Task objective: Please output every record below exactly as written, leaving out any pictures.

*** Materials provided ***

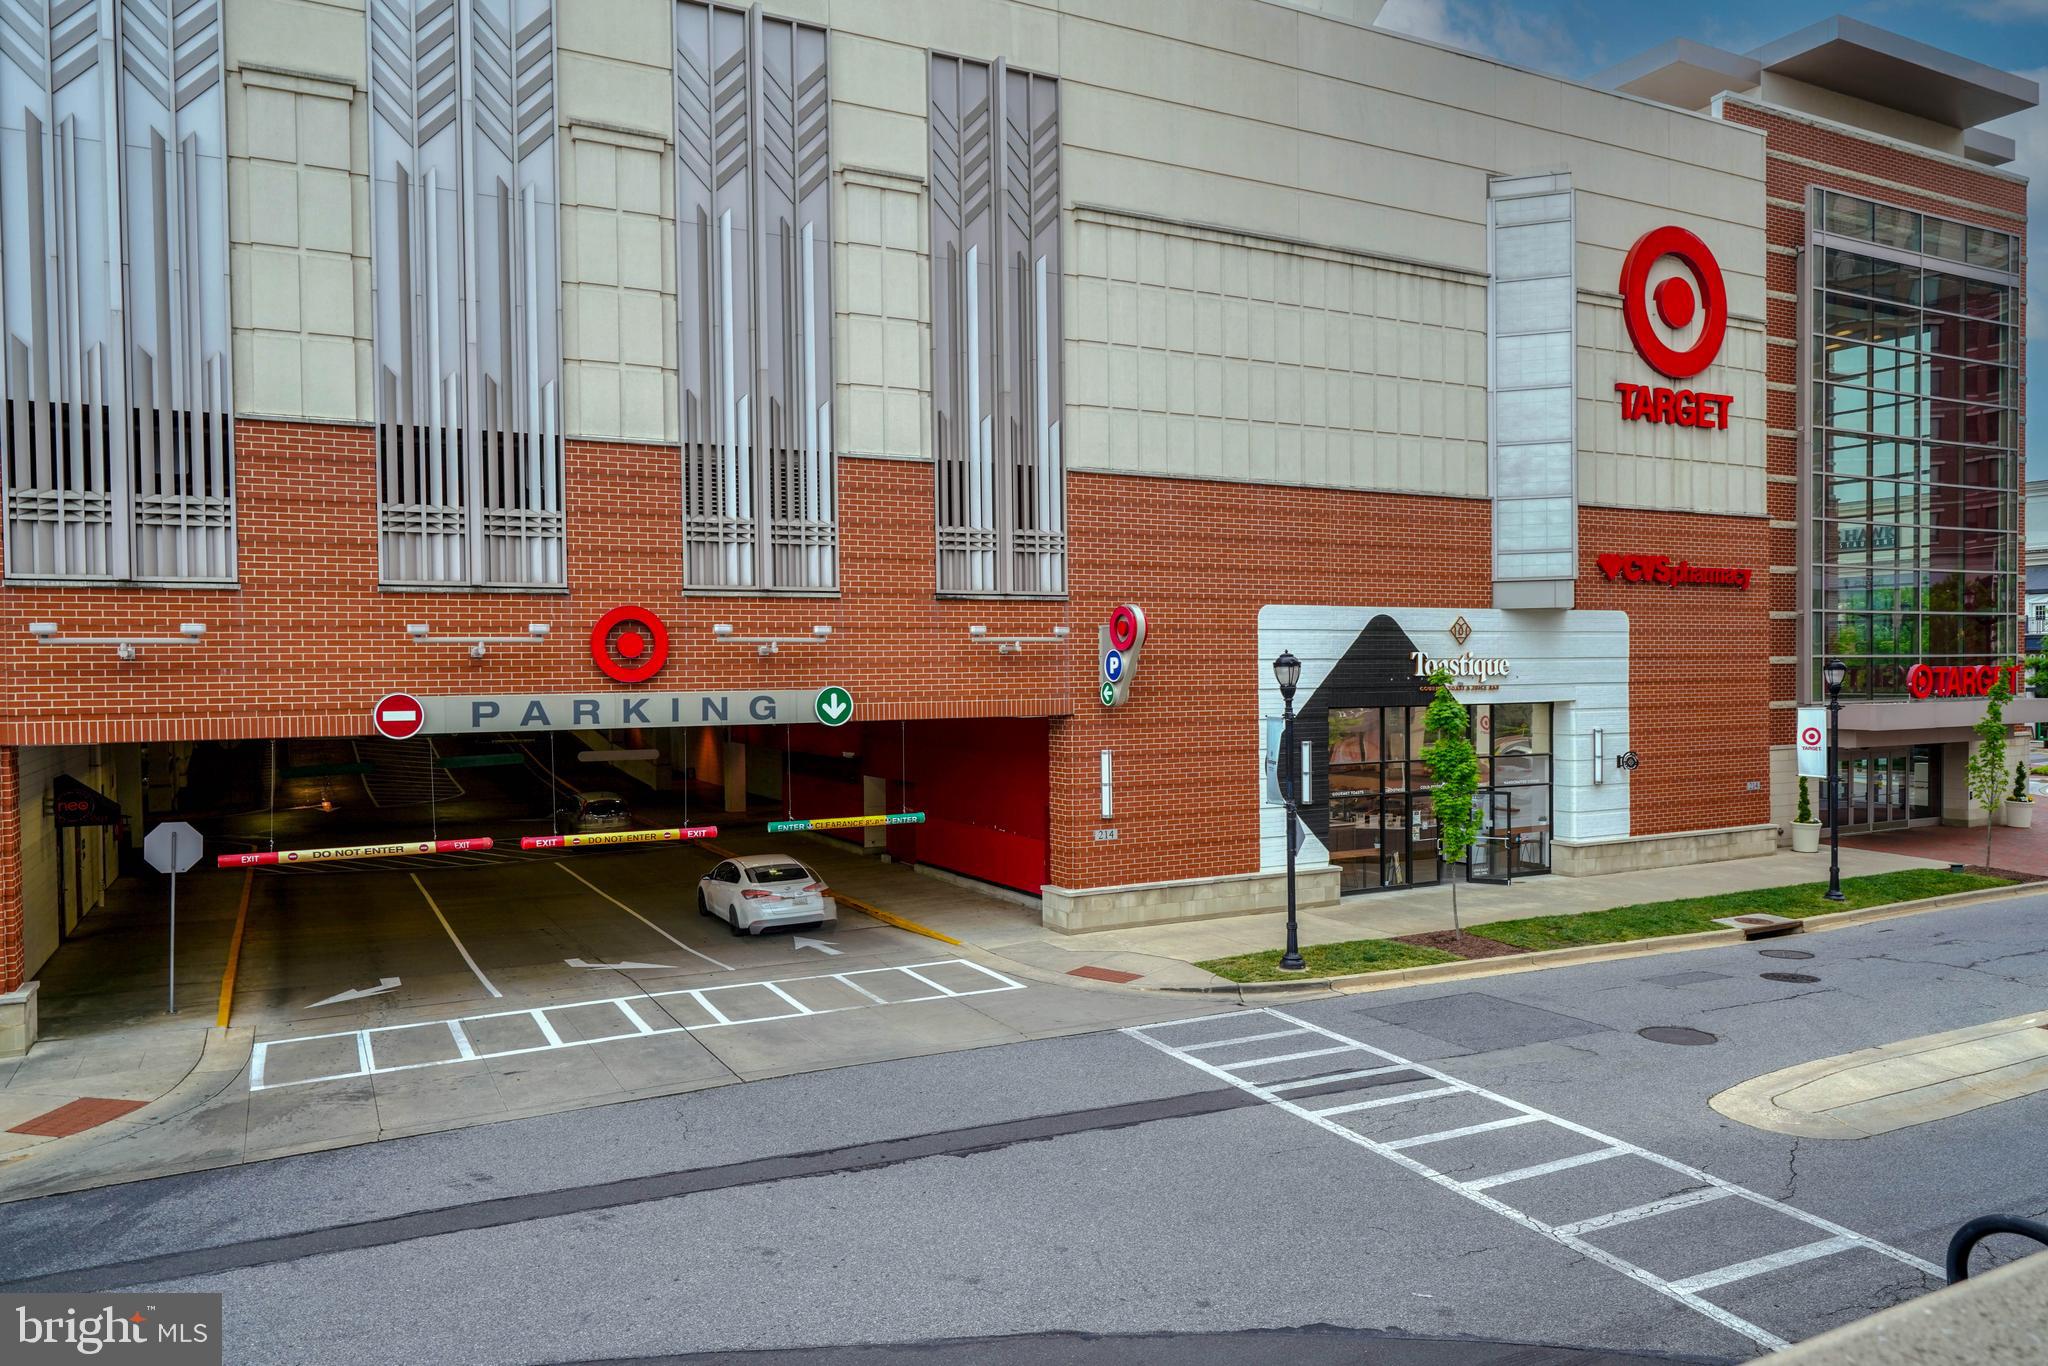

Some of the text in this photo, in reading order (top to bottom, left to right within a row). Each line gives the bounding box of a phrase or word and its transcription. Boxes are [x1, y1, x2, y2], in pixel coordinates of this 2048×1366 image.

[1615, 383, 1734, 430] TARGET
[1109, 656, 1119, 674] P
[1410, 651, 1510, 682] Toastique
[471, 695, 777, 728] PARKING
[777, 823, 804, 831] ENTER
[815, 820, 864, 829] CLEARANCE
[892, 816, 918, 824] ENTER
[535, 839, 557, 848] EXIT
[604, 835, 623, 843] NOT
[627, 833, 657, 842] ENTER
[687, 829, 707, 838] EXIT
[1098, 830, 1114, 839] 214
[241, 841, 470, 864] EXIT DO NOT ENTER EXIT
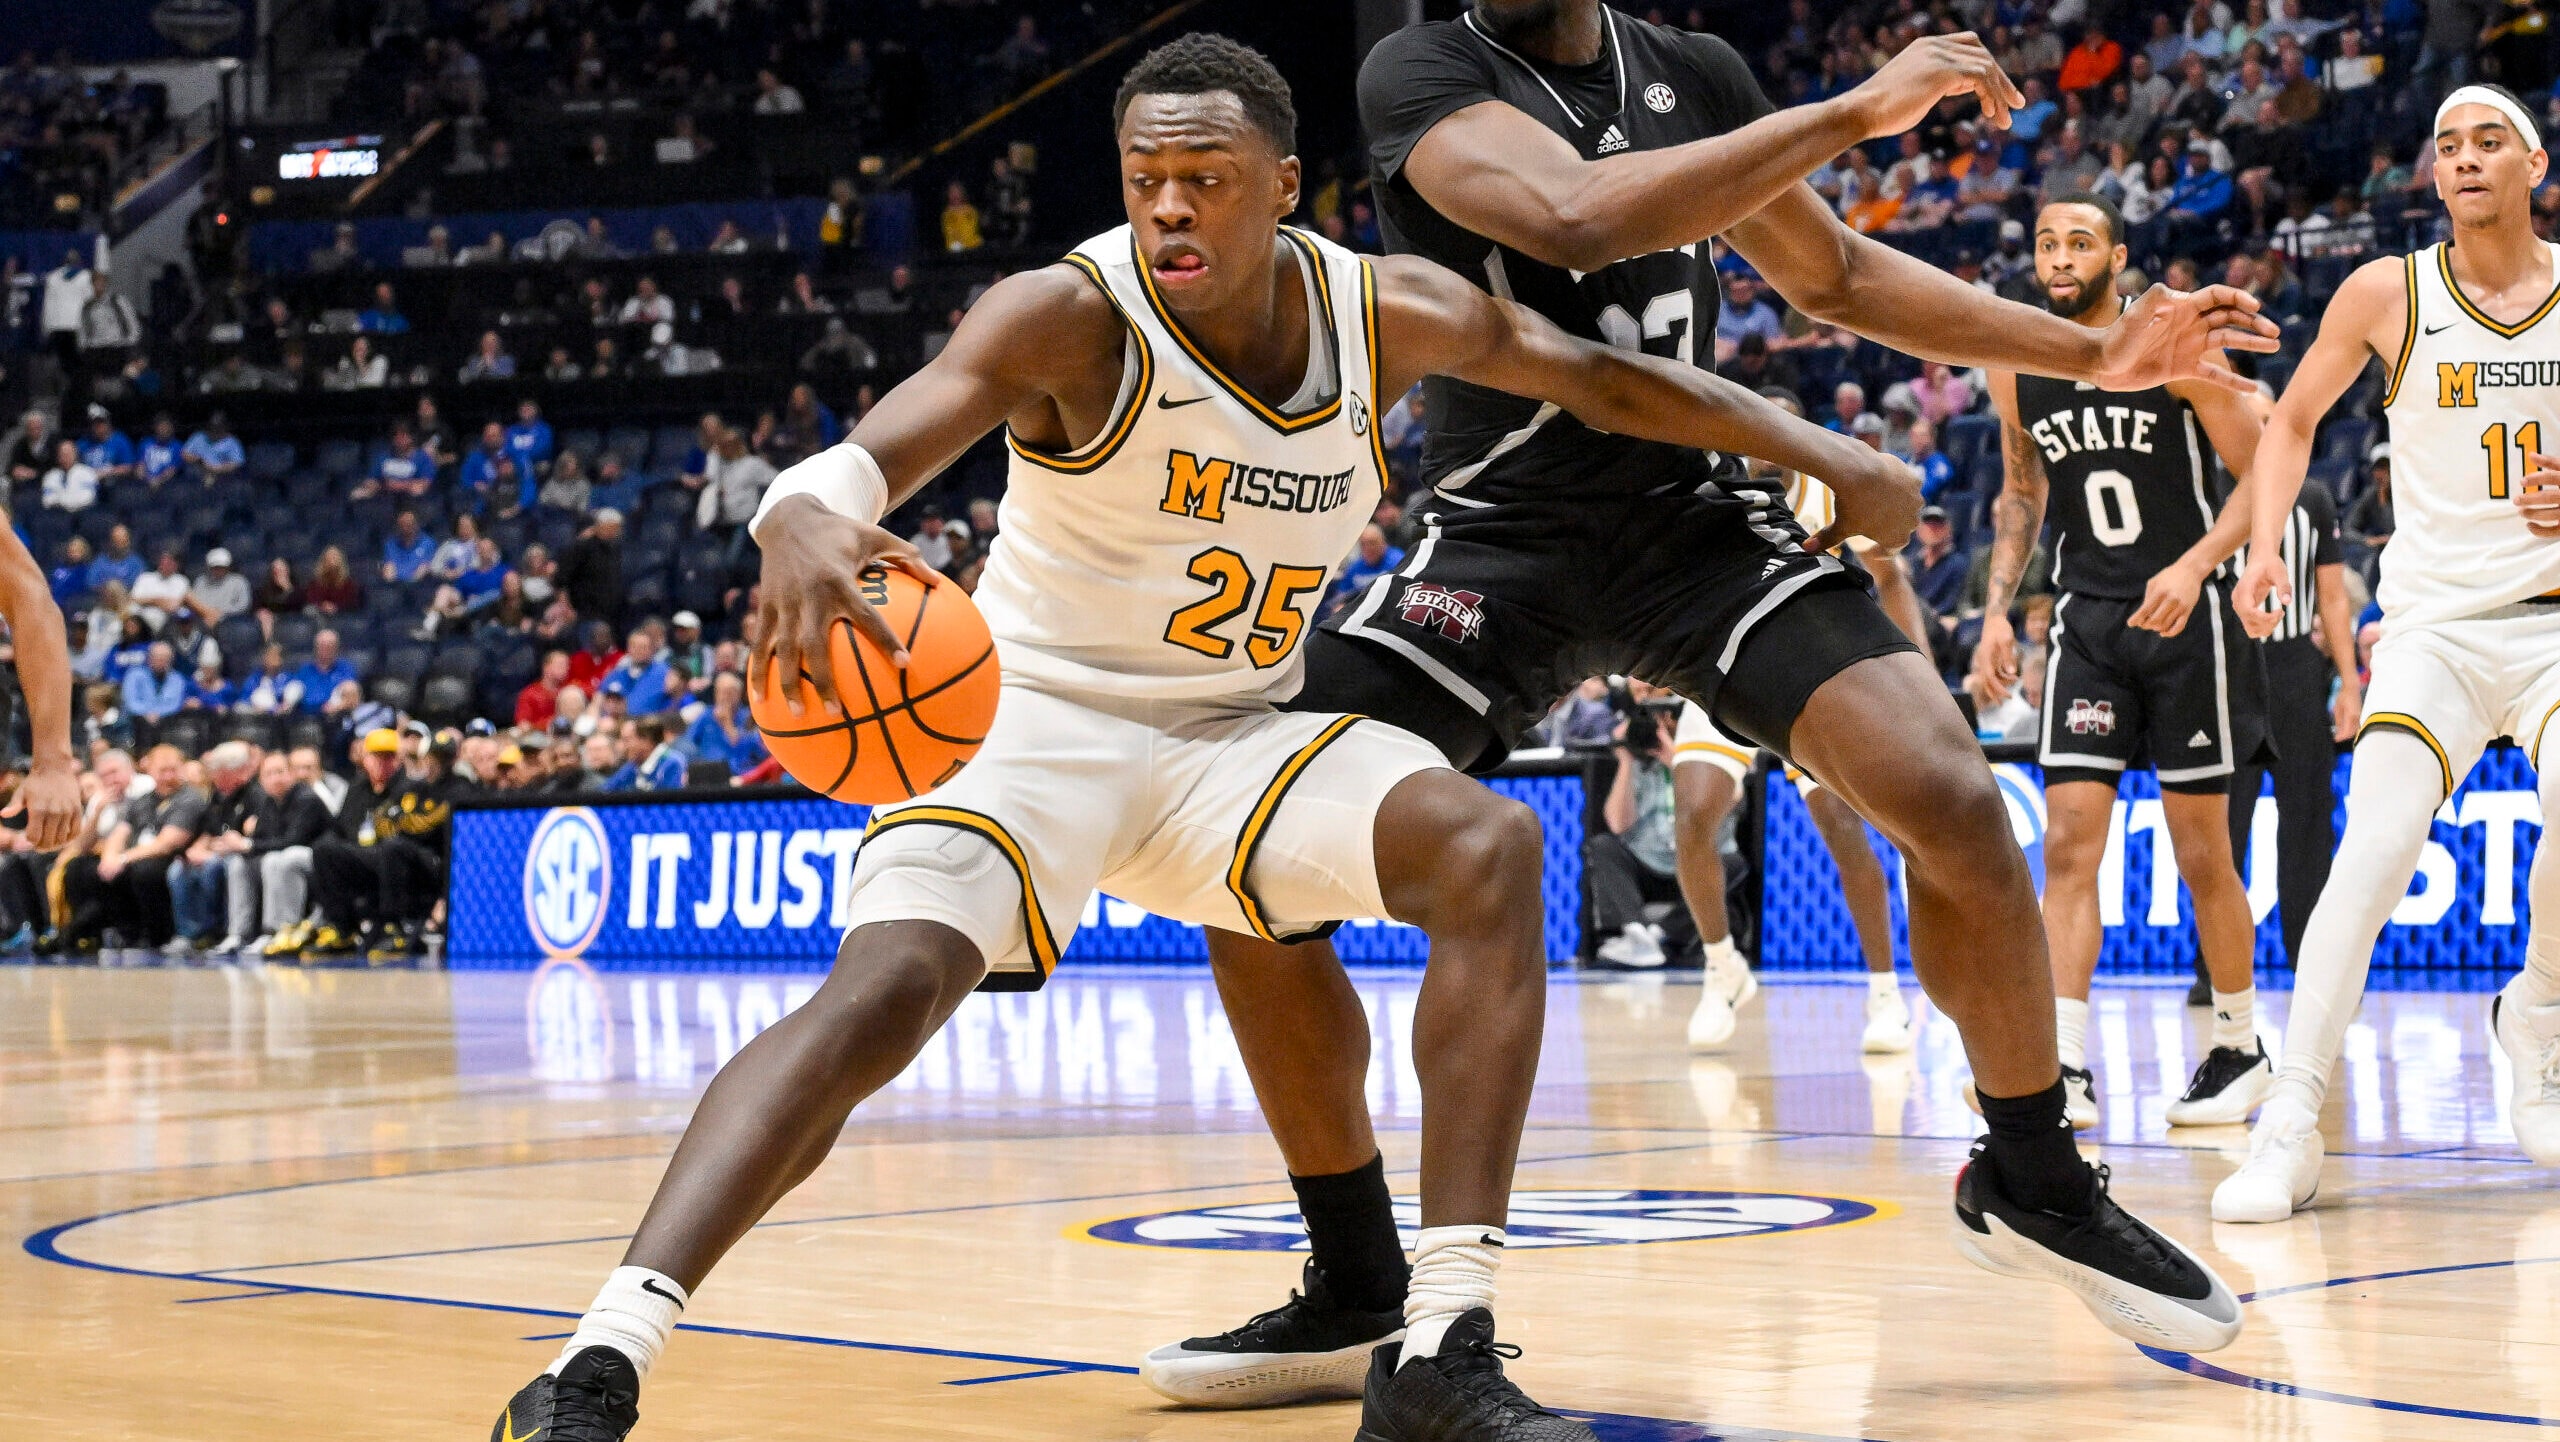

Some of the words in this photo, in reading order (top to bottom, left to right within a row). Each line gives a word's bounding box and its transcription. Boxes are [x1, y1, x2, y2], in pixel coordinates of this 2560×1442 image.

[1646, 85, 1674, 112] SEC
[1597, 140, 1629, 154] adidas
[2032, 405, 2158, 464] STATE
[2481, 421, 2543, 499] 11
[2084, 469, 2143, 547] 0
[1163, 546, 1327, 670] 25
[1415, 591, 1469, 623] STATE
[627, 832, 692, 929] IT
[694, 828, 864, 929] JUST

*** End of Materials provided ***

Answer to this exercise:
Some of the text in this photo, in reading order (top to bottom, left to right within a row). Each line gives the bounding box of a phrase or word and its transcription. Boxes are [x1, y1, x2, y2], in pixel coordinates of this 2048×1366 image.

[1615, 383, 1734, 430] TARGET
[1109, 656, 1119, 674] P
[1410, 651, 1510, 682] Toastique
[471, 695, 777, 728] PARKING
[777, 823, 804, 831] ENTER
[815, 820, 864, 829] CLEARANCE
[892, 816, 918, 824] ENTER
[535, 839, 557, 848] EXIT
[604, 835, 623, 843] NOT
[627, 833, 657, 842] ENTER
[687, 829, 707, 838] EXIT
[1098, 830, 1114, 839] 214
[241, 841, 470, 864] EXIT DO NOT ENTER EXIT

Some of the words in this photo, in reading order (top to bottom, left to right within a row). Each line gives a word's bounding box and its transcription. Boxes are [x1, y1, x2, y2], in pixel coordinates of this 2560×1442 image.

[1646, 85, 1674, 112] SEC
[1597, 140, 1629, 154] adidas
[2032, 405, 2158, 464] STATE
[2481, 421, 2543, 499] 11
[2084, 469, 2143, 547] 0
[1163, 546, 1327, 670] 25
[1415, 591, 1469, 623] STATE
[627, 832, 692, 929] IT
[694, 828, 864, 929] JUST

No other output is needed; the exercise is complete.